Die Charaktere sind sehr unterschiedlich skizziert, haben alle ihre Eigenheiten und wirken dadurch sehr lebensecht und authentisch. Ella ist eine sympathische Frau, die allerdings zu Beginn auch noch sehr naiv wirkt aufgrund ihres Alters. Sie liebt ihren Ehemann von Herzen, obwohl sie sich kurz nach der Hochzeit eingestehen muss, dass sie sich so gut wie gar nicht richtig kennen. Doch Ella erlebt während des Romans eine erstaunliche Entwicklung, sie beginnt, Dinge zu hinterfragen und verfolgt hartnäckig die Antwort auf ihre Fragen. Dabei erfährt sie überraschenderweise Hilfe von ihr teilweise nur flüchtig bekannten Menschen, aber auch von ihrer Freundin Rike.

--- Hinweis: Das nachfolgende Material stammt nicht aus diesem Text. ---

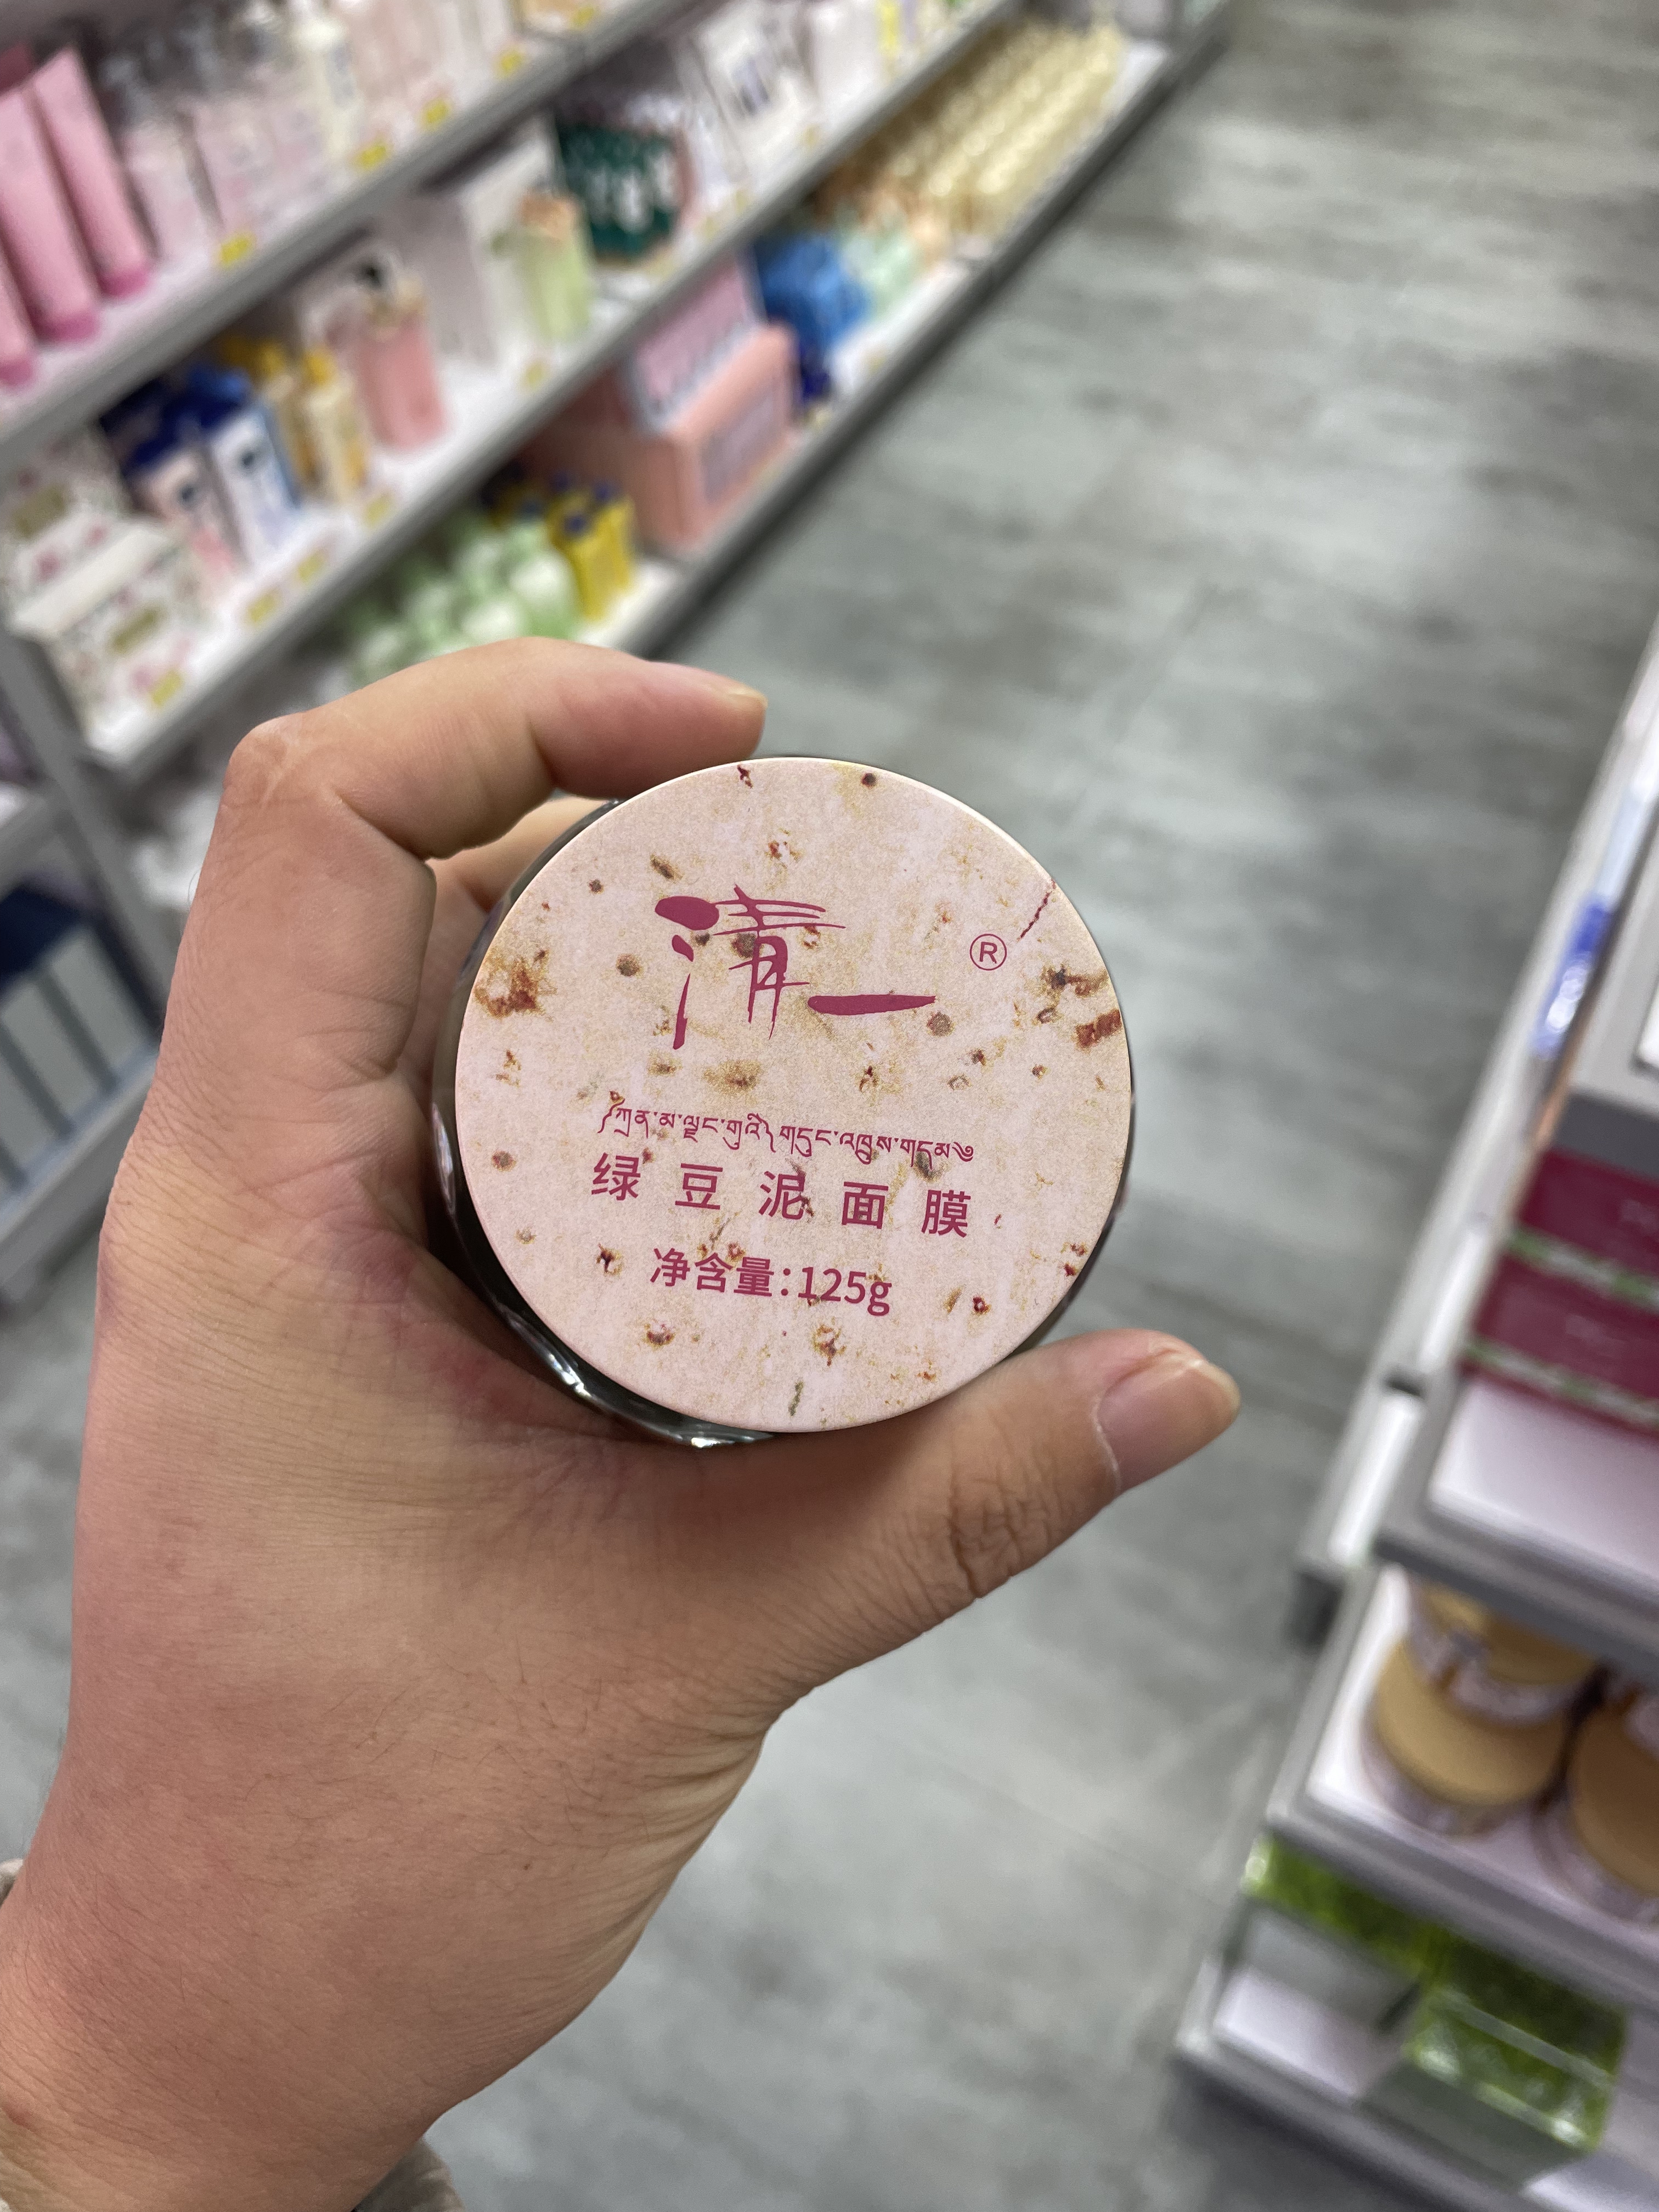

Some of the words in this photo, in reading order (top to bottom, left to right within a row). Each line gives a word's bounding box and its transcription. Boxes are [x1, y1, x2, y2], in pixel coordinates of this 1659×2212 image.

[591, 1153, 972, 1238] 绿豆泥面膜

Rike ist eine typische Berliner Pflanze, fühlt sie sich unbeobachtet, redet sie mit Berliner Schnauze, ansonsten ist sie sehr darauf bedacht, sich überall ihren Vorteil zu sichern und sich einen Platz in den wohlhabenden Kreisen zu erobern. Manchmal gewinnt man den Eindruck, sie würde Ella nur ausnutzen, doch im entscheidenden Augenblick ist auf Rike Verlass, und das ist unbezahlbar. Auch die Reichen werden Rike egal, als sie auf die wahre Liebe trifft. Jobst ist ein unsteter Mann, der Ella zwar wirklich liebt, der aber auch seine Geheimnisse mit sich herumträgt und an einer Schuld trägt, über die er nicht spricht, sich aber mit  Drogen Erleichterung verschafft. Man weiß nie, wie er im nächsten Moment reagieren wird, was einiges an Spannung erzeugt. Viktoria ist eine missgünstige und hochmütige Person, die mit ihrem eigenen Ehemann große Probleme hat, so dass sie anderen ihr Glück nicht gönnt. Doch leider ist sie nicht clever genug, um ihre Trümpfe auszuspielen. Gleichzeitig ist Viktoria aber auch einer der spannendsten Charaktere in diesem Roman, denn durch ihr Verhalten gibt es einige interessante Wendungen innerhalb und außerhalb der Familie, die recht bedeutsam sind. Auch die anderen Protagonisten tragen mit ihren kleinen Episoden und ihrem Verhalten zu der opulenten Handlung dieses Romans bei.
„Spiel der Hoffnung“ ist ein sehr interessanter und spannender Familien- und Gesellschaftsroman in den 20er Jahren, der sowohl historisch als auch fiktiv nichts vermissen lässt und einmal mehr zeigt, dass Heidi Rehn exzellent recherchiert und wunderbare Geschichten erzählen kann, bei denen das Kopfkino keine Pause hat. Man darf gespannt sein auf das nächste Werk der Autorin. Absolute Leseempfehlung!!!